Brown Sargassum algae competes with U. prolifera for survival space. While past algae blooms were a mixture of both substances, the proportion of Sargassum has grown unusually large this year, according to Yu.
The wet weight of Sargassum in north Jiangsu was estimated at 19,700 tonnes this year, compared to just 900 tonnes last year, he said.
Scientists have not yet been able to fully explain the surge in Sargassum, which also affected the Porphyra harvest this year.
As the green-brown blooms have spread to 312 square kilometers of the sea surface and are moving closer to Qingdao and the nearby city of Rizhao, scientists observed another red tide is also approaching.
The red bloom, caused by K. mikimotoi algae, was measured at 50 square kilometers of the sea surface.
"Red tides are rare in the Yellow Sea," said a third oceanologist involved in the research who declined to be named. "It means that the ecosystem of the Yellow Sea is becoming increasingly fragile."
A red tide often signals the deterioration of sea water quality, he said.
In 2006, a red algae bloom on the coast of Zhejiang Province caused 40 million yuan (5.9 million U.S. dollars) in losses for local fisheries.
In 2012, another red tide in adjacent Fujian Province wiped out farmed abalone, resulting in 2 billion yuan in losses.
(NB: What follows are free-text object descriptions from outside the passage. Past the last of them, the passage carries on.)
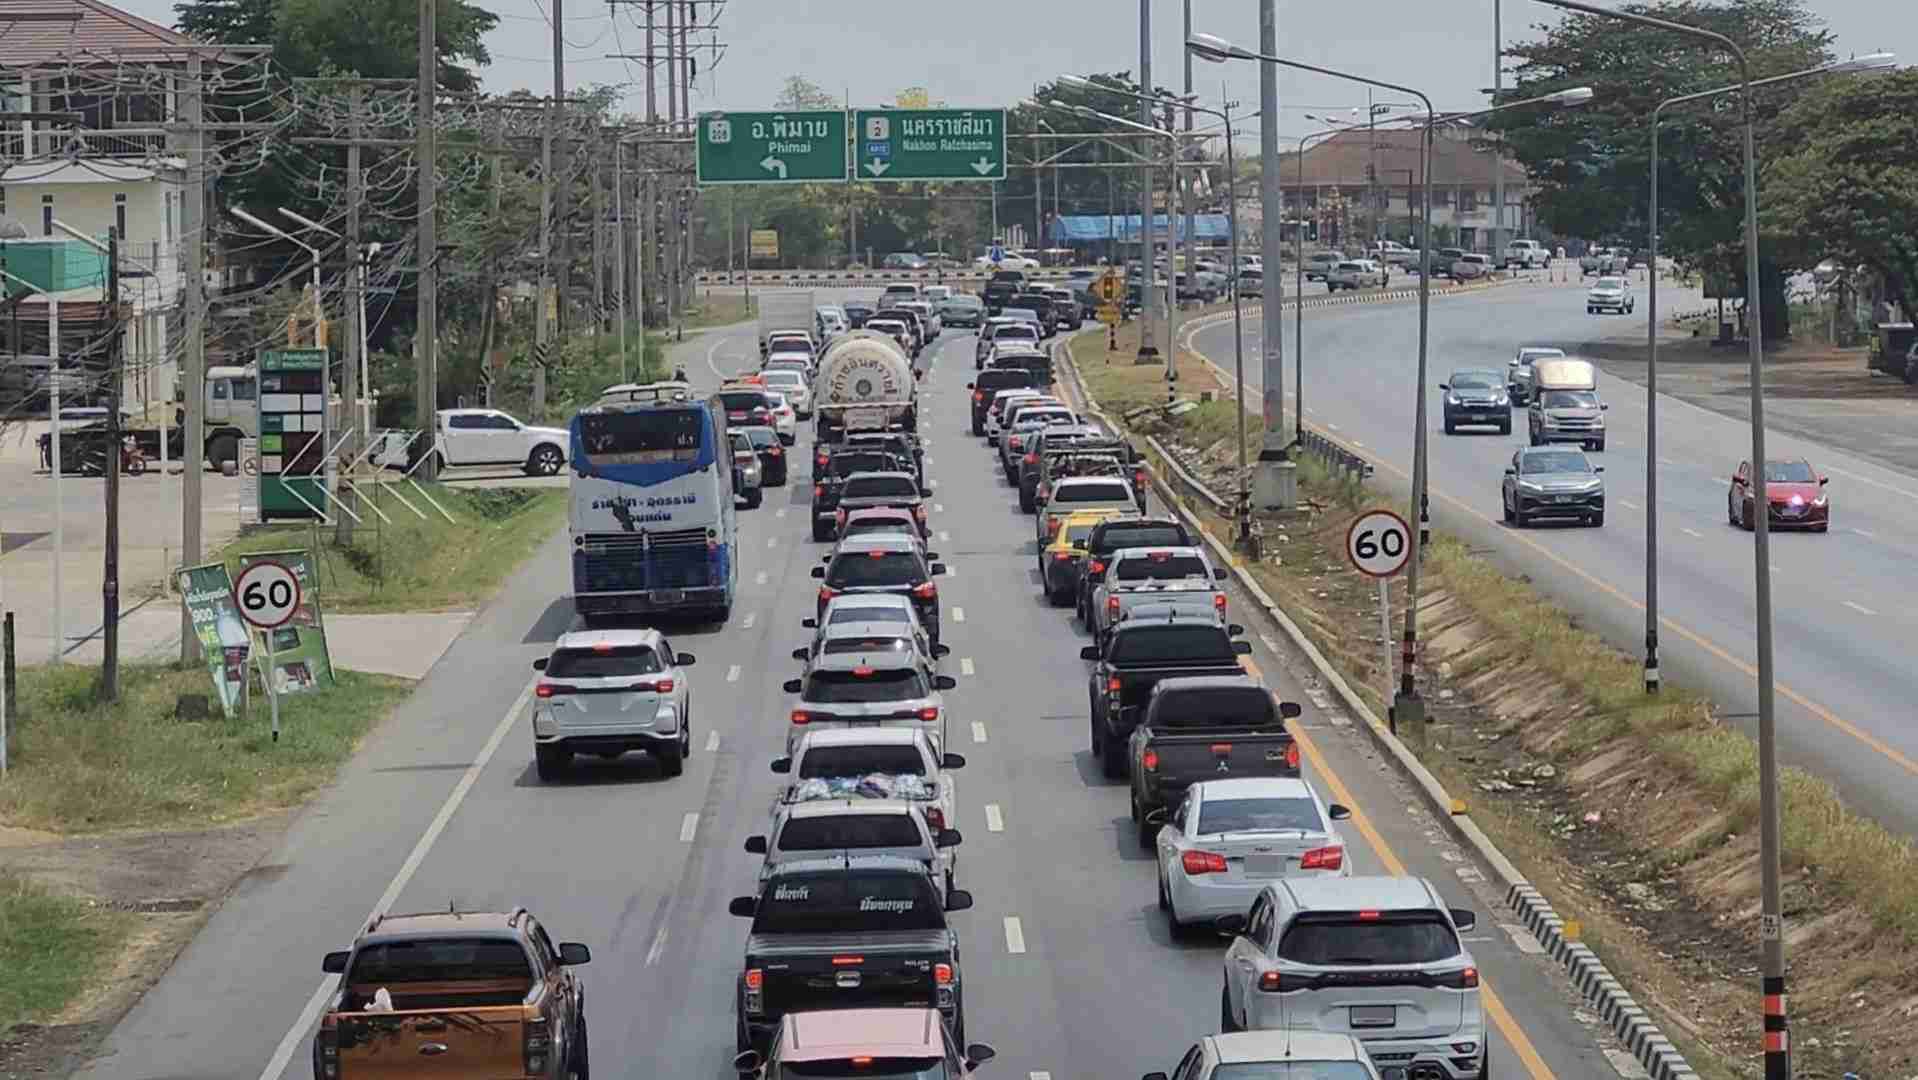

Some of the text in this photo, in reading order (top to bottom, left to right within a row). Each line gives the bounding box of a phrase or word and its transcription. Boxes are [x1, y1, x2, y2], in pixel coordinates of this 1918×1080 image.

[752, 115, 828, 138] อ.พิมาย
[902, 112, 993, 136] นครราชสีมา
[768, 141, 811, 153] Phimai
[1355, 528, 1404, 559] 60
[243, 579, 292, 610] 60
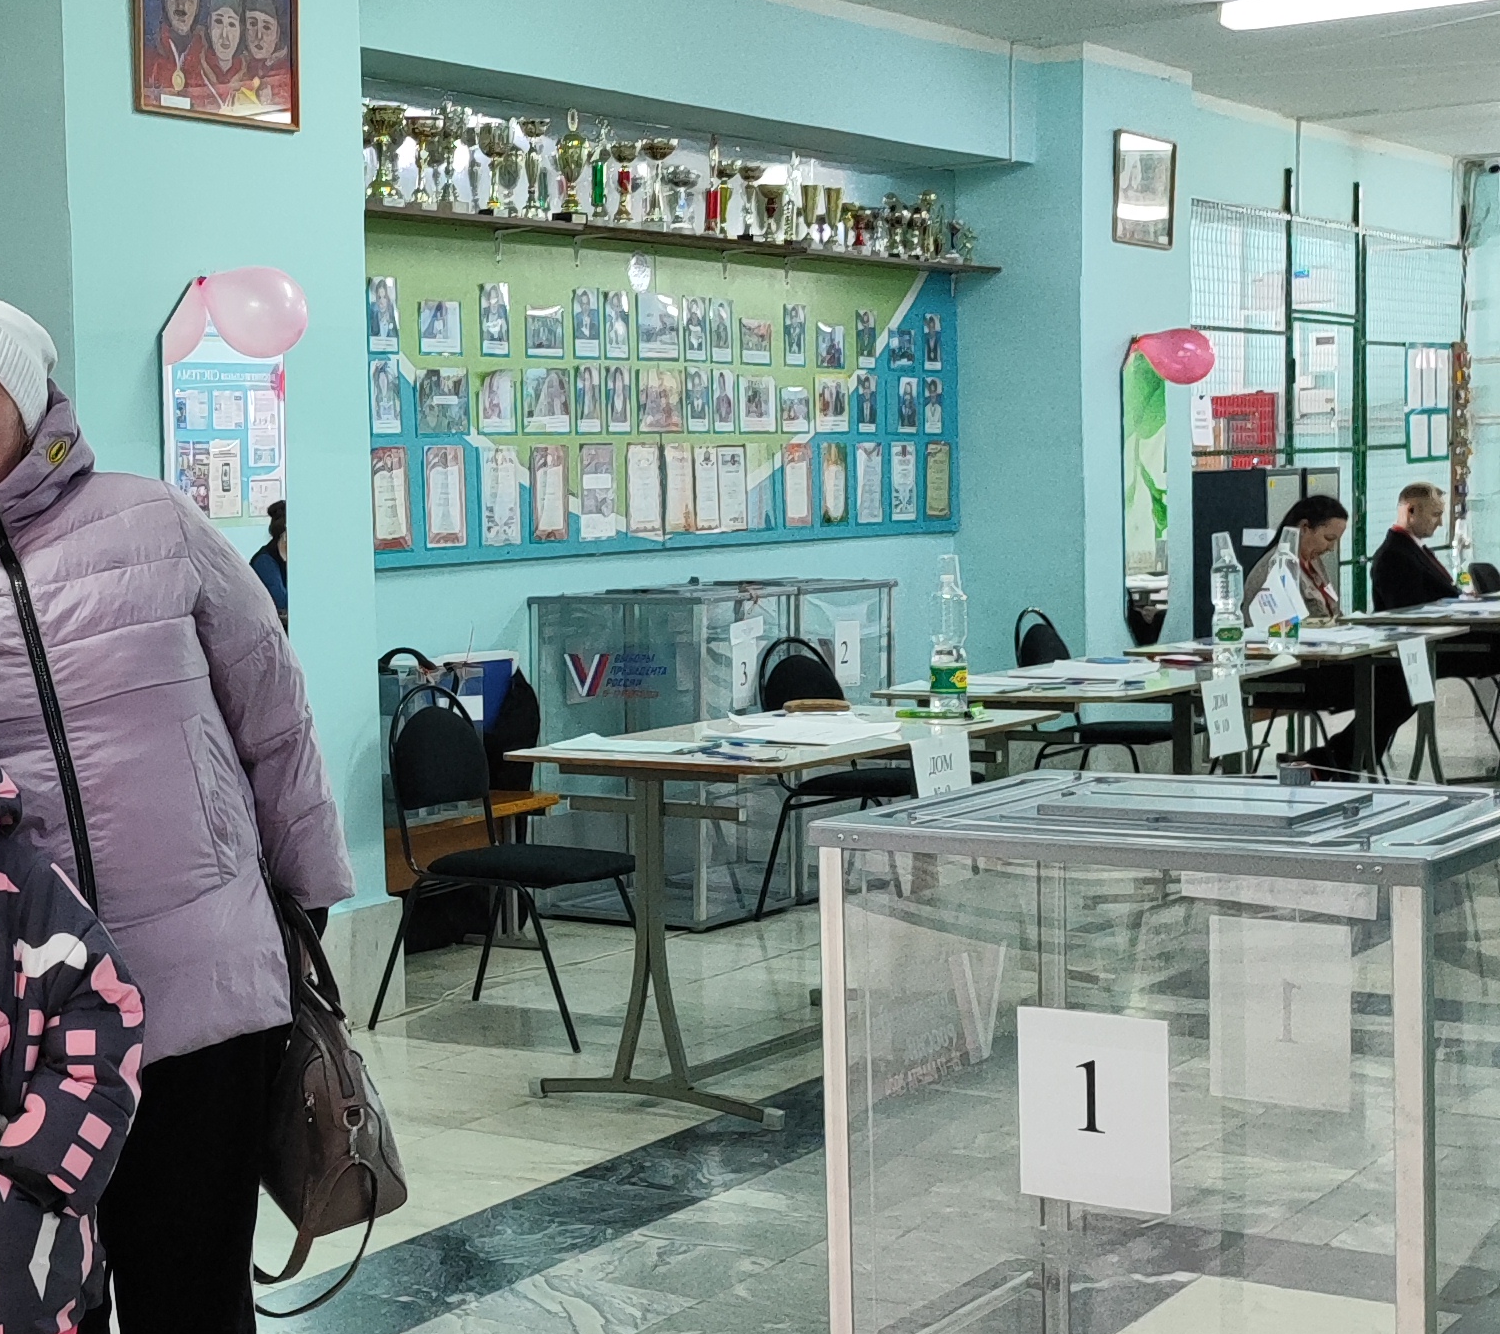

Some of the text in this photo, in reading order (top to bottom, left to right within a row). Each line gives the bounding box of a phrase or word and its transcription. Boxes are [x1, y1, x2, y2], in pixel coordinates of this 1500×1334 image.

[840, 640, 849, 665] 2
[740, 661, 748, 687] 3
[928, 752, 954, 777] ДОМ
[1075, 1059, 1106, 1135] 1
Yu Zhigang, president of Ocean University of China, said green, brown, and red tides appearing simultaneously comes from a "very complex" combination of causes, but is generally linked to climate change and increased human activities that release abundant nutrients such as nitrogen and phosphorus into the water.
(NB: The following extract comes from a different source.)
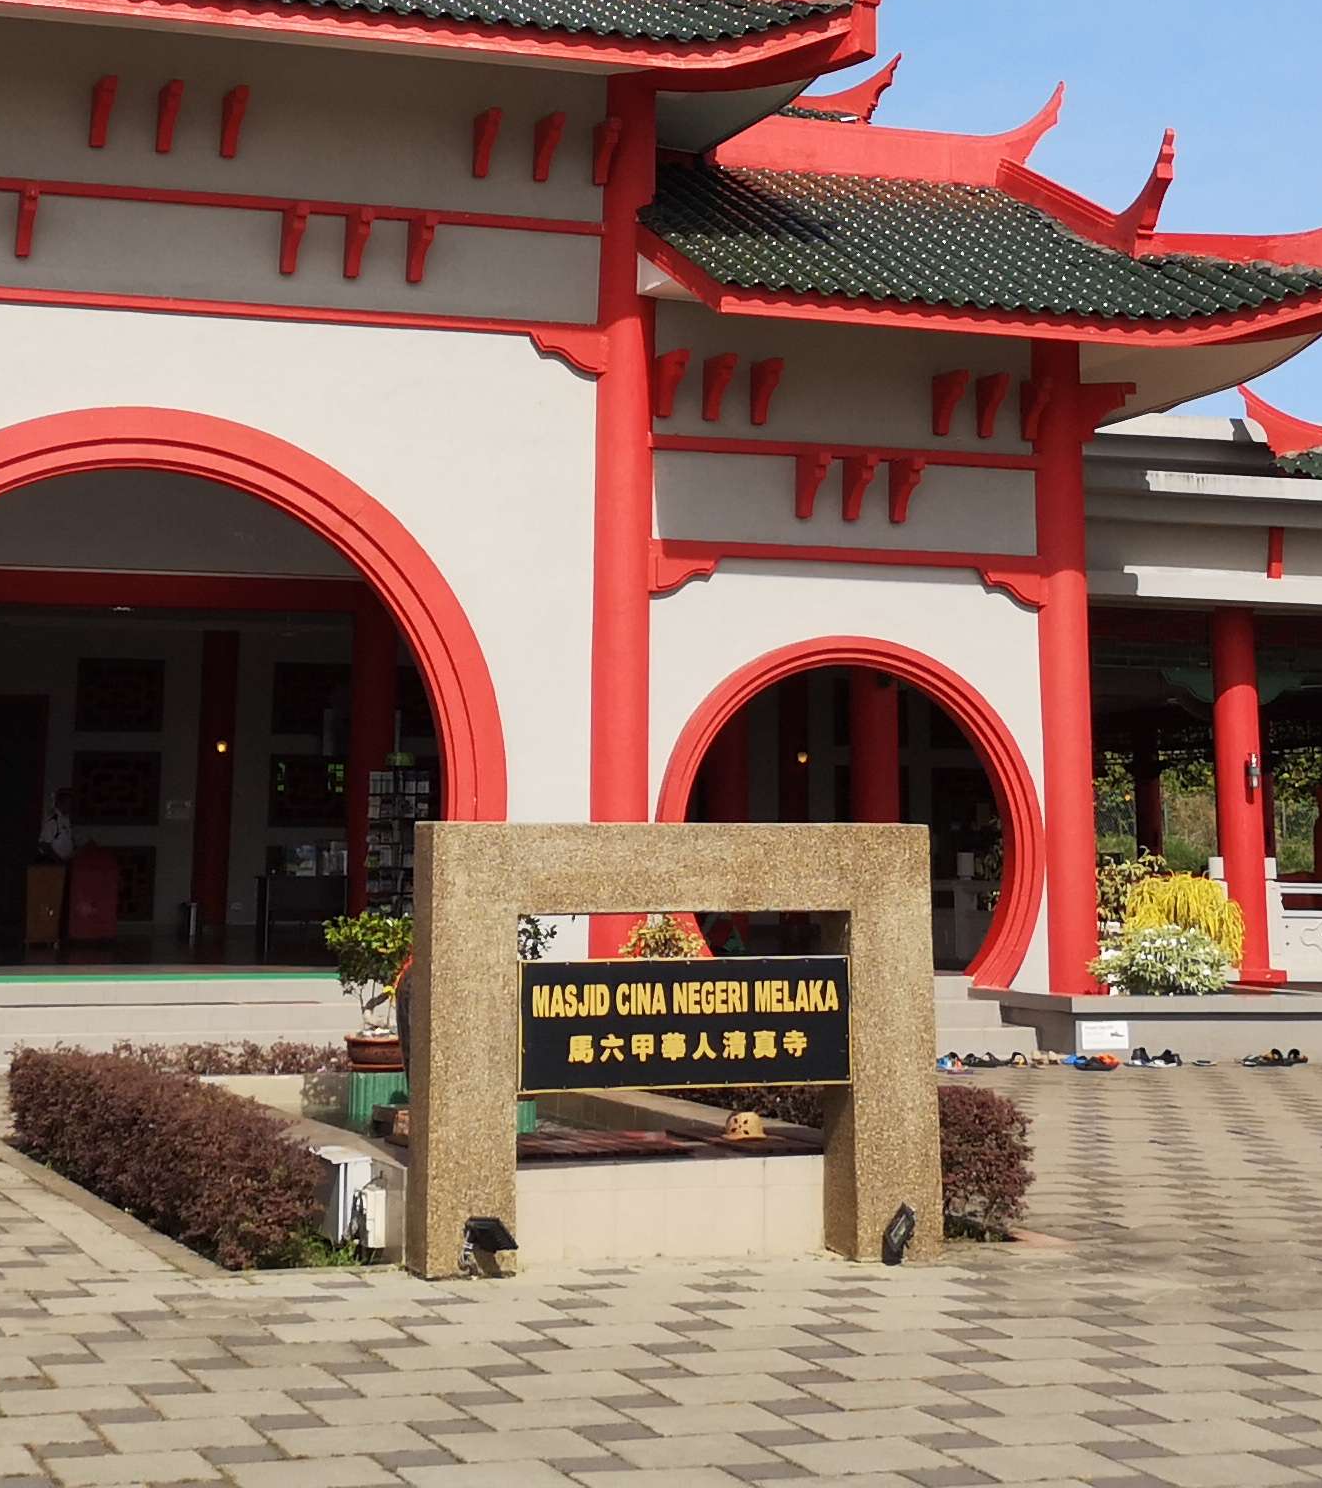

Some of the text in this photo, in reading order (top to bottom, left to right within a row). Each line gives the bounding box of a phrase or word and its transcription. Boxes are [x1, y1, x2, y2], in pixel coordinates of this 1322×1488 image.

[532, 980, 839, 1017] MASJID CINA NEGERI MELAKA
[568, 1030, 808, 1063] 馬六甲華人清真寺
"It remains unknown which plays a larger role," Yu Zhigang said. "But humans have undeniable responsibility for the rise of seawater nutrients."
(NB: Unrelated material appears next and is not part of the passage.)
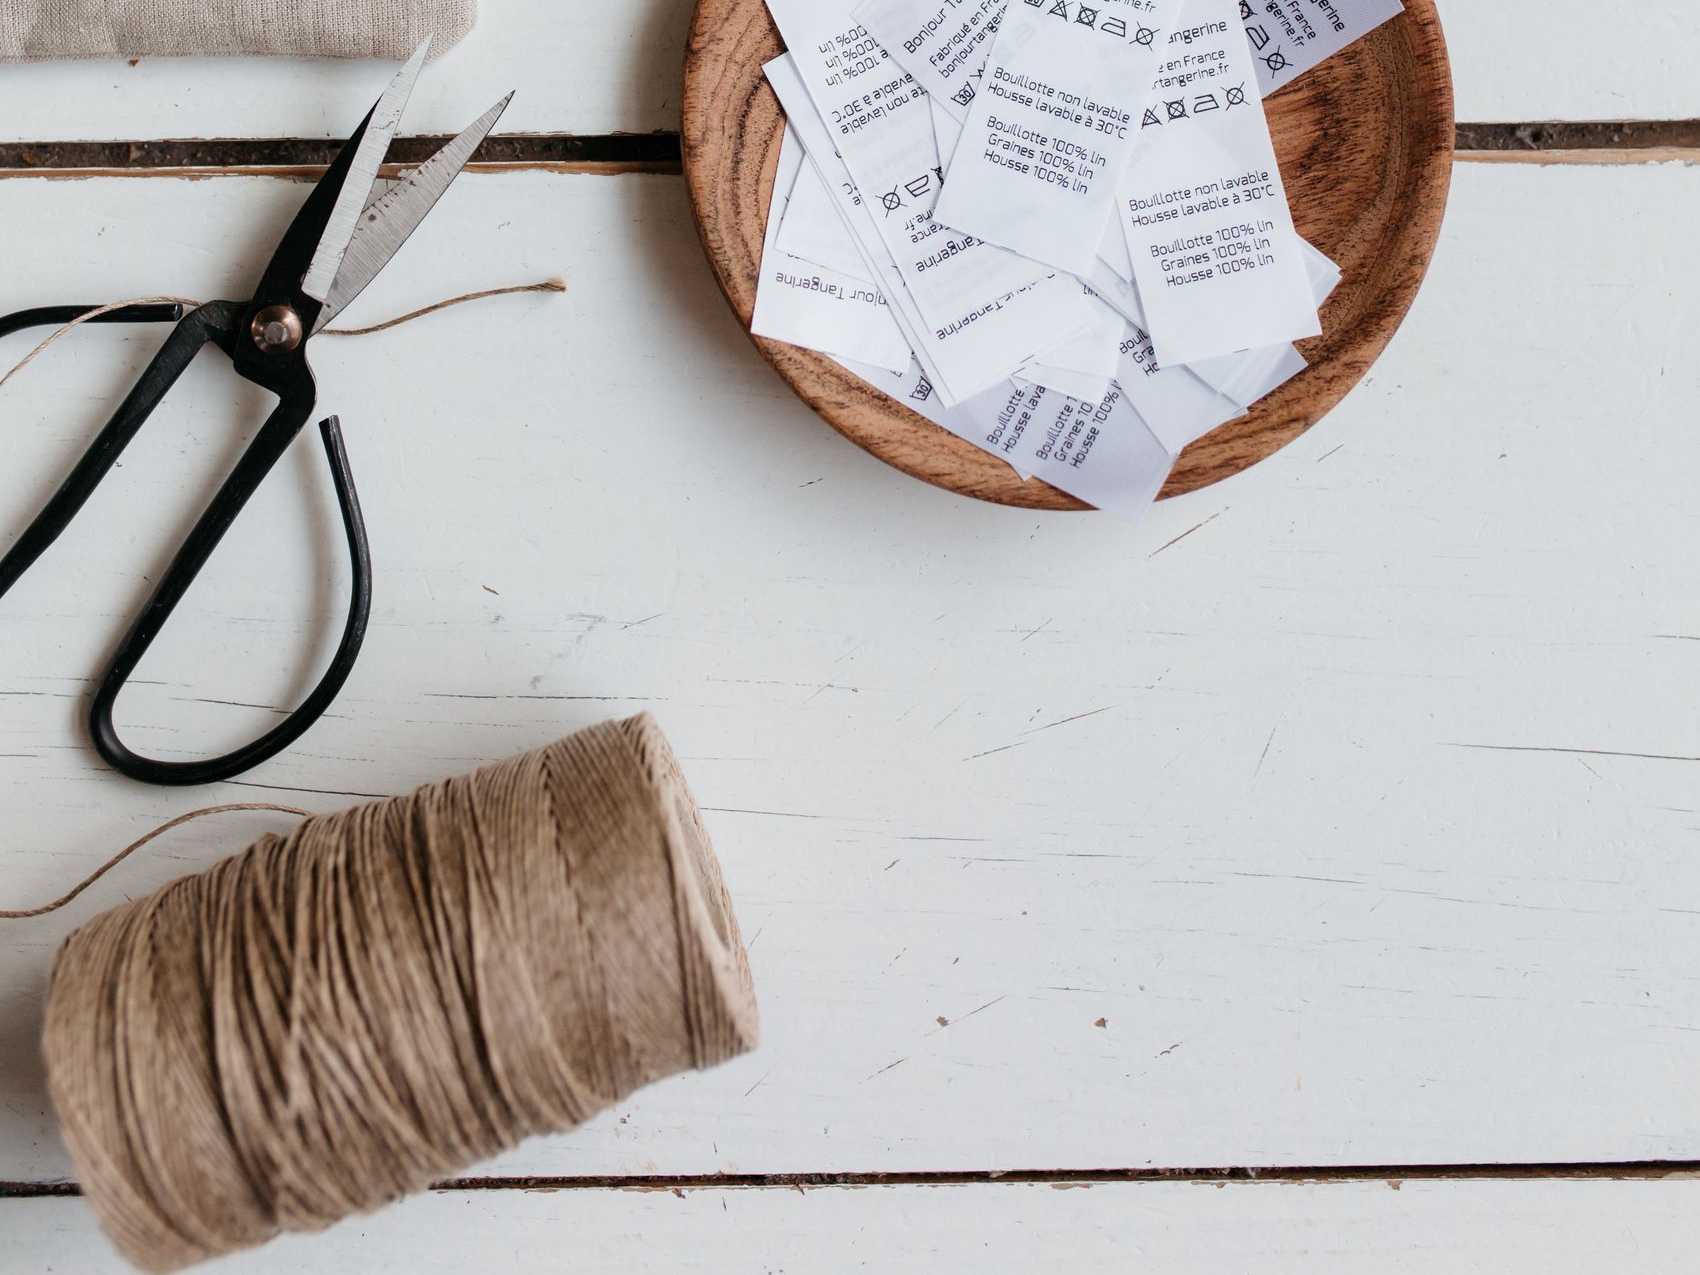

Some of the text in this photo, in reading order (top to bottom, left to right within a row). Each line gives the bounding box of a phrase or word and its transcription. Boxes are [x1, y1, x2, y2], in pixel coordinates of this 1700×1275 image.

Yu Rencheng said in a research paper that rapid urbanization, excessive use of fertilizers, and intensive fish farming in shallow waters have all contributed to the repeated occurrence of algae blooms along the coast.
There has also been a trend in such blooms becoming toxic, he noted.
Before the 1990s, red tides were seldom seen but the phenomenon became more frequent after 2000, occurring not only on the Shandong coast, but also in Bohai Bay, at the mouth of the Yangtze River, and along the country's southern coastline.
However, Yu Rencheng said algae blooms are not solely a Chinese problem but very much a global issue. Past experience has indicated that clean-up may take years.
Green tides developed along the coast of Brittany, France for more than 30 years. Italy took nearly two decades to solve a green algae problem in the Venetian lagoon, Yu said.
The Italians have harvested U. prolifera to produce compost. Sun said it can also be used in food production, while Sargassum is a key component in feed for sea cucumber farming. While scientists continue research into the causes of and solutions for algae blooms, hopes have been raised that the problems caused by algae can be in part solved by utilizing it for other purposes.